BRIEF >> Restate all of the following data exactly, keeping any images out of the copy.

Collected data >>
-- -- --

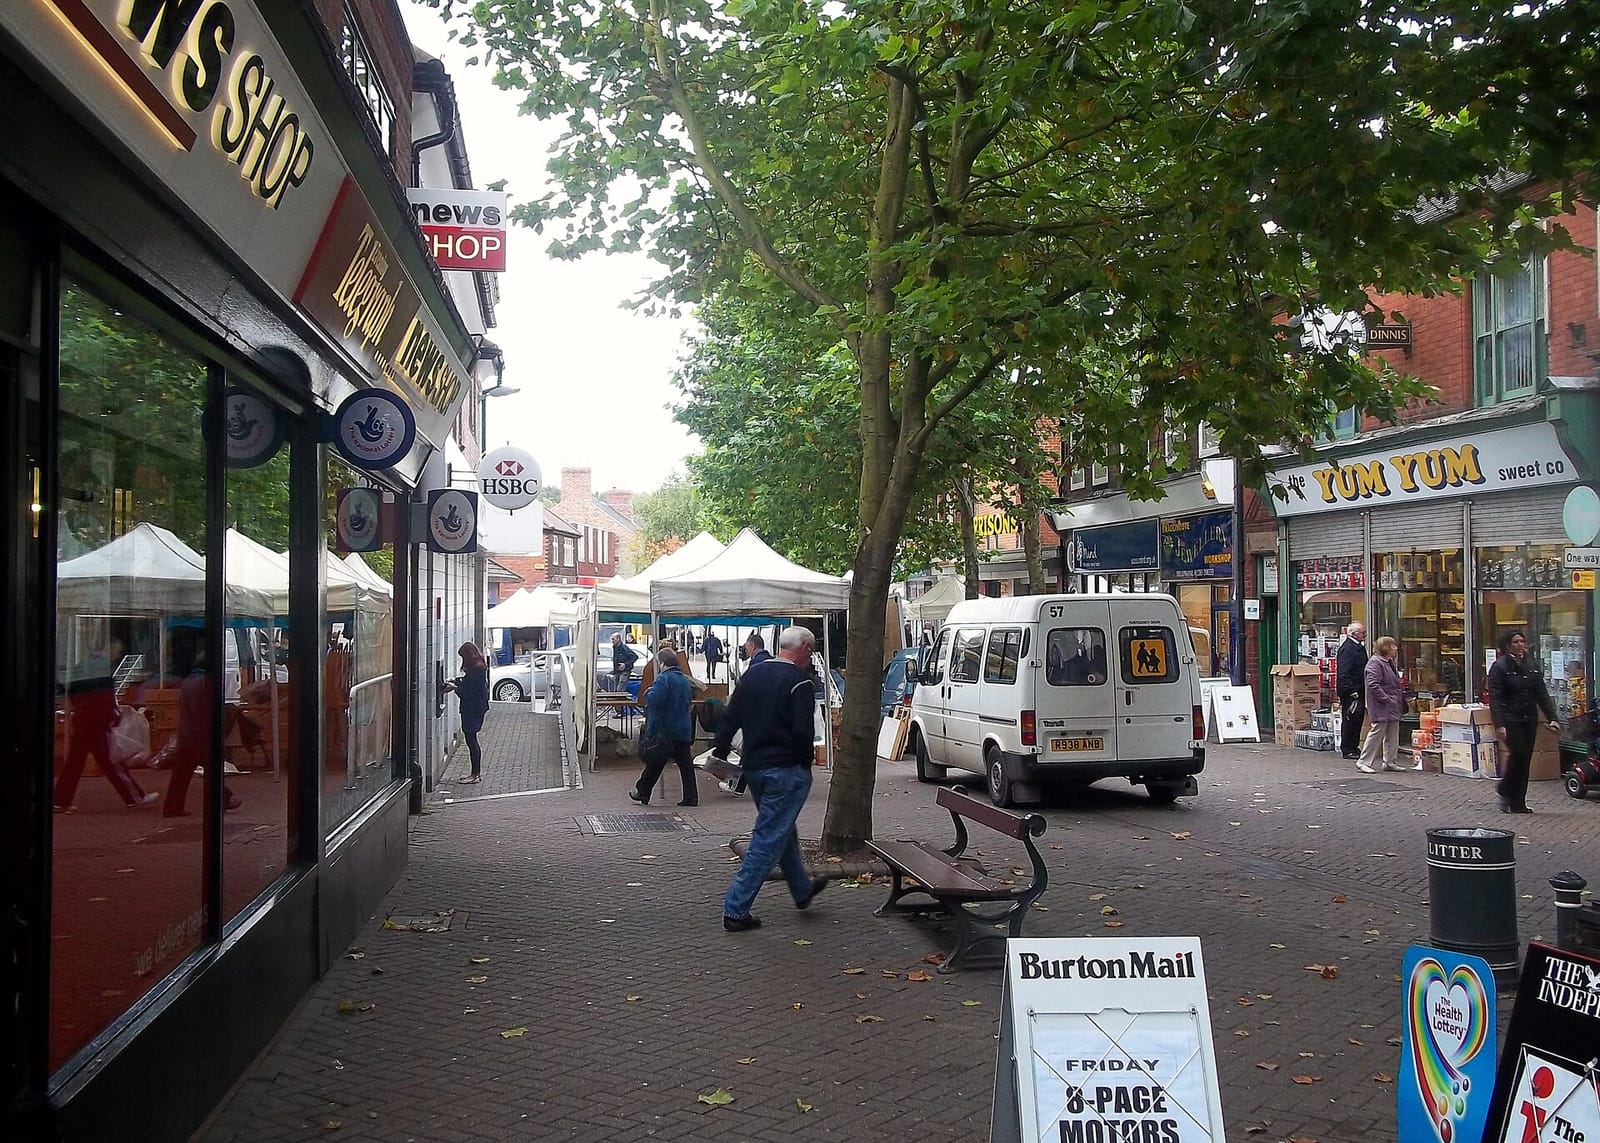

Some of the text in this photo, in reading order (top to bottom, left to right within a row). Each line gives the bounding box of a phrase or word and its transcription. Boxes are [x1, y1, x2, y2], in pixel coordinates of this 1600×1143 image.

[211, 50, 315, 211] SHOP
[410, 202, 501, 226] news
[423, 233, 501, 260] HOP
[332, 223, 404, 352] Telegraph
[1369, 331, 1408, 341] DINNIS
[352, 438, 381, 453] National
[1288, 442, 1566, 504] the YUM YUM sweet co
[481, 477, 538, 496] HSBC
[1203, 553, 1232, 565] WORKSHOP
[1566, 552, 1600, 565] One way
[1050, 606, 1064, 618] 57
[1055, 740, 1100, 750] R938 ANB
[1428, 842, 1483, 860] LITTER
[1545, 956, 1585, 987] THE
[1440, 996, 1451, 1005] The
[1434, 1004, 1463, 1023] Health
[1432, 1017, 1464, 1041] Lottery
[1066, 1059, 1160, 1072] FRIDAY
[1066, 1085, 1167, 1114] 8-PAGE
[1059, 1119, 1180, 1143] MOTORS
[1554, 1116, 1585, 1143] The
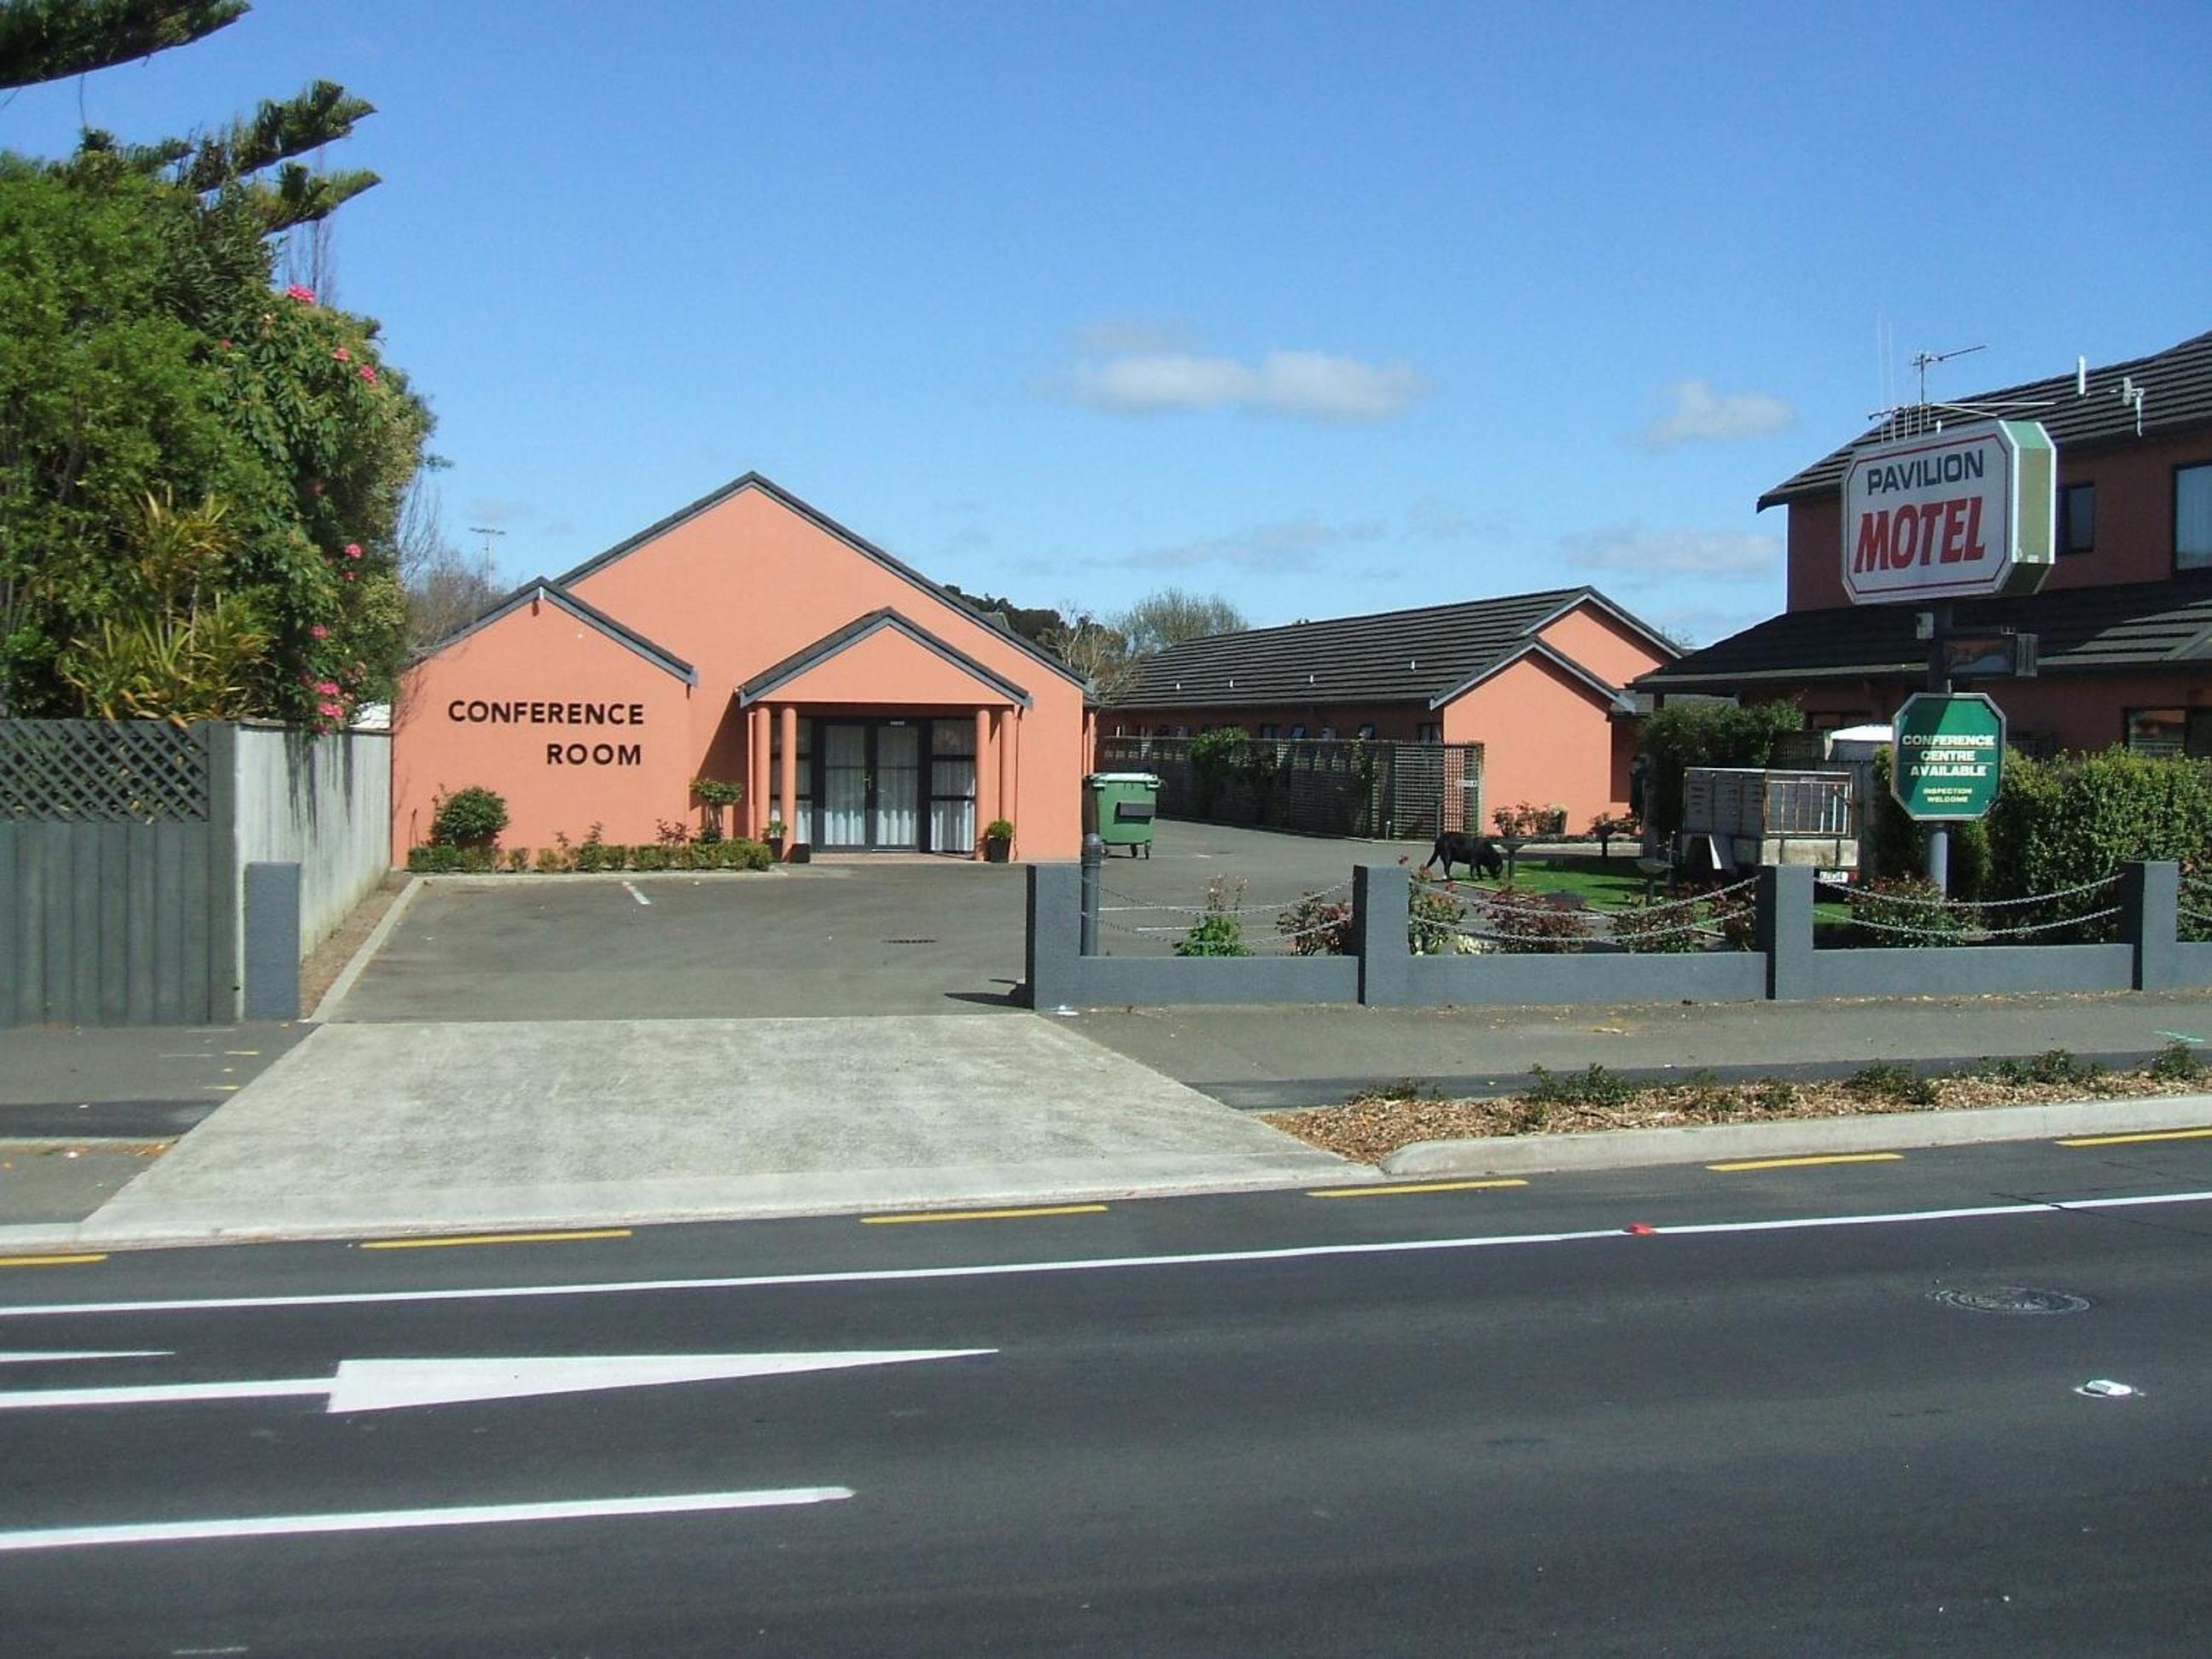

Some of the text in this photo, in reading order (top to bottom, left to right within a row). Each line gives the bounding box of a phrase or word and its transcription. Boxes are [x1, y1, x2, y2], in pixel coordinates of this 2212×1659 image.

[1867, 449, 1983, 495] PAVILION
[1854, 496, 1985, 573] MOTEL
[448, 700, 644, 725] CONFERENCE
[1902, 735, 1994, 746] CONFERENCE
[546, 743, 641, 765] ROOM
[1921, 750, 1976, 762] CENTRE
[1910, 765, 1987, 777] AVAILABLE
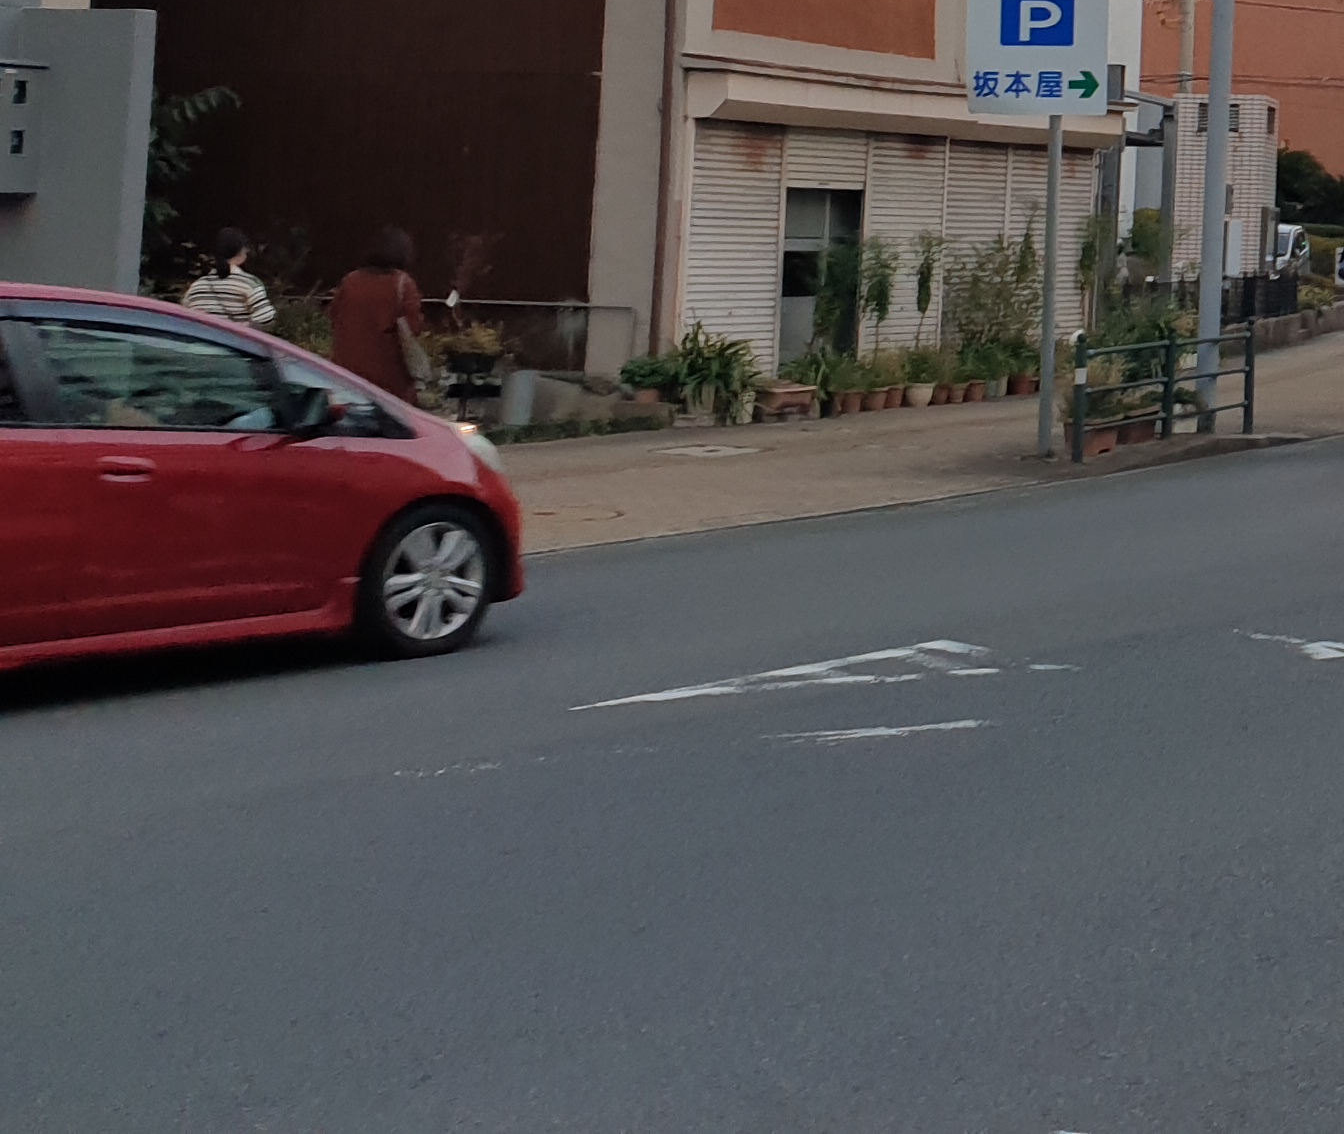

-- -- --

ANSWER SPACE >>
Some of the text in this photo, in reading order (top to bottom, left to right within a row). Each line gives the bounding box of a phrase or word and its transcription. Boxes are [x1, y1, x2, y2], in pixel coordinates of this 1600×1143 image.

[211, 50, 315, 211] SHOP
[410, 202, 501, 226] news
[423, 233, 501, 260] HOP
[332, 223, 404, 352] Telegraph
[1369, 331, 1408, 341] DINNIS
[352, 438, 381, 453] National
[1288, 442, 1566, 504] the YUM YUM sweet co
[481, 477, 538, 496] HSBC
[1203, 553, 1232, 565] WORKSHOP
[1566, 552, 1600, 565] One way
[1050, 606, 1064, 618] 57
[1055, 740, 1100, 750] R938 ANB
[1428, 842, 1483, 860] LITTER
[1545, 956, 1585, 987] THE
[1440, 996, 1451, 1005] The
[1434, 1004, 1463, 1023] Health
[1432, 1017, 1464, 1041] Lottery
[1066, 1059, 1160, 1072] FRIDAY
[1066, 1085, 1167, 1114] 8-PAGE
[1059, 1119, 1180, 1143] MOTORS
[1554, 1116, 1585, 1143] The

Some of the text in this photo, in reading order (top to bottom, left to right within a row). Each line gives the bounding box of a phrase or word and its transcription. Boxes are [x1, y1, x2, y2], in pixel coordinates of this 2212×1659 image.

[1867, 449, 1983, 495] PAVILION
[1854, 496, 1985, 573] MOTEL
[448, 700, 644, 725] CONFERENCE
[1902, 735, 1994, 746] CONFERENCE
[546, 743, 641, 765] ROOM
[1921, 750, 1976, 762] CENTRE
[1910, 765, 1987, 777] AVAILABLE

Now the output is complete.